As an enlisted man, you get to where you can call anything ‘sir’.
>> As an enlisted man, you get to where you can call anything sir.
It was a little different in submarines. The “O”s had to qualify — and we enlisted guys signed off on ‘em. Made for a different relationship.
As the saying went, one E to another: “Don’t call me ‘sir’, my parents were married!”
I was an E-3 walking back to the barracks from the exchange at the Norfolk NOB. It began to rain and rather than have my glasses get wet, I took them off and stowed them in my jumper pocket.
A pickup truck came down the street and I squintingly made out that the driver was wearing khakis and was probably an officer. Just to be safe, I made the beginnings of a salute.
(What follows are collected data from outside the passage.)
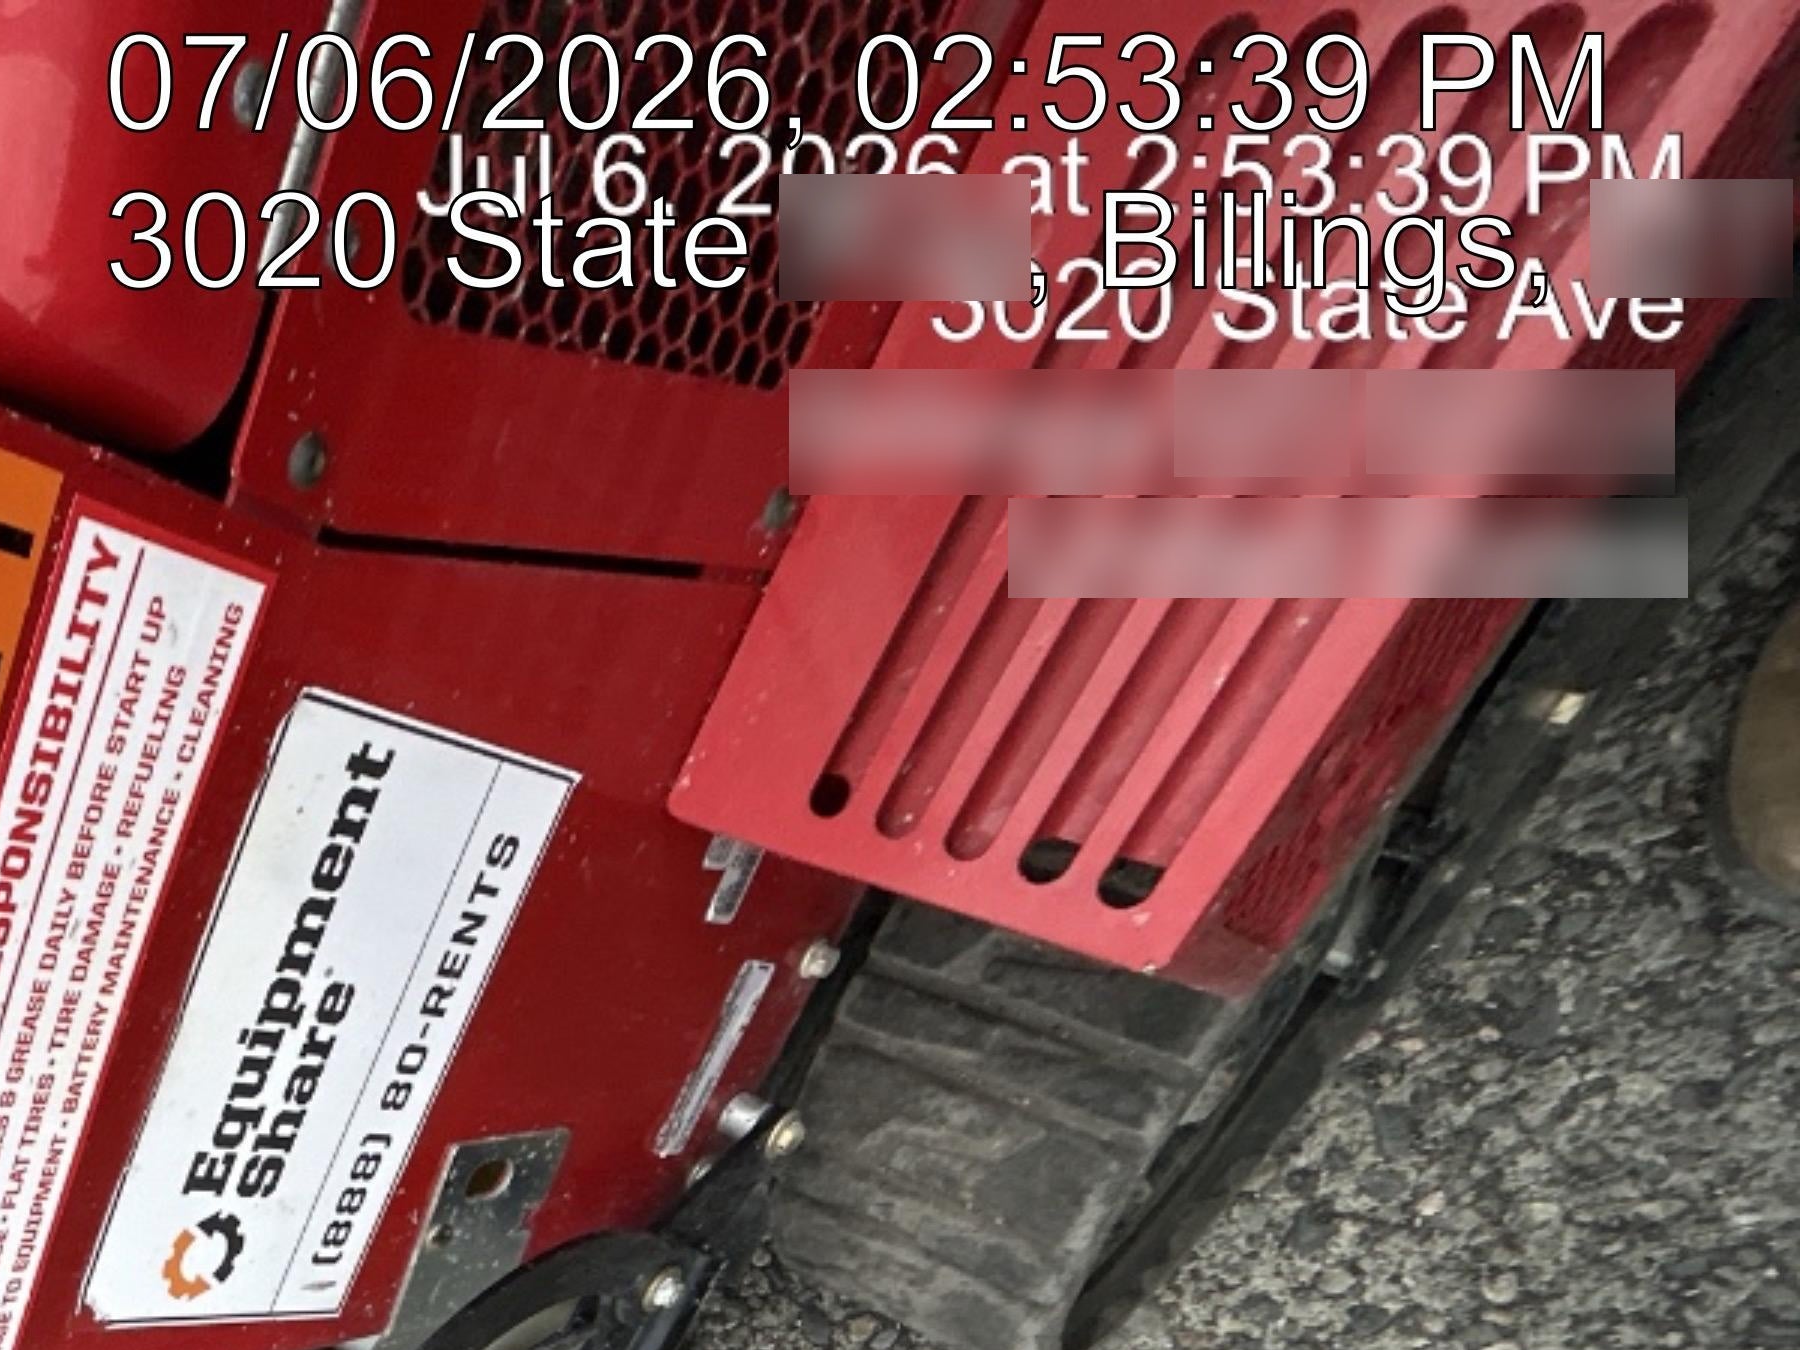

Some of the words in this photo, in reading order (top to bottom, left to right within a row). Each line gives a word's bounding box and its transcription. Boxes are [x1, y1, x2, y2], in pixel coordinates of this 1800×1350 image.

[1, 1155, 30, 1210] FLAT
[19, 1073, 55, 1148] TIRES
[48, 989, 81, 1053] TIRE
[69, 863, 121, 982] DAMAGE
[116, 665, 187, 838] REFUELING
[1, 1278, 22, 1305] TO
[12, 1133, 67, 1273] EQUIPMENT
[60, 1001, 109, 1114] BATTERY
[99, 787, 181, 996] MAINTENANCE
[176, 602, 244, 763] CLEANING
[5, 980, 50, 1083] GREASE
[38, 887, 76, 972] DAILY
[65, 764, 118, 880] BEFORE
[105, 649, 152, 755] START
[140, 596, 167, 643] UP
[181, 740, 396, 1197] Equipment
[311, 1131, 391, 1266] (888)
[379, 832, 521, 1112] 80-RENTS
[235, 978, 355, 1199] Share
But the pickup was closing pretty fast, and with the salute three quarters of the way to my brow, I recognized that it was not an officer driving the pickup, but a chief petty officer.
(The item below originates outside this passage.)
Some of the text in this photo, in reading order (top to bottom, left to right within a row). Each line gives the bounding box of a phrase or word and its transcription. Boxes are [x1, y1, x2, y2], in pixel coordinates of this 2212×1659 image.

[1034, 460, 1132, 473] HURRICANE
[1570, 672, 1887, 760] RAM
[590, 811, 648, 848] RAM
Rather than render a salute, I quickly finished the gesture by scratching my cheek.
The chief, however, was under the full assumption that a salute was being essayed and out of courtesy endeavored to return mine. But then he saw that I was not in fact saluting, and made every effort to terminate his salute-in-progress, the result of which caused him to missteer his pickup and engineer the beginnings of a vehicular mishap.
Quick of response in a dire moment he was, though, and wrested control of the swerving machine sufficient to miss the stationery objects in his erstwhile path and resume a wobbly course down the street.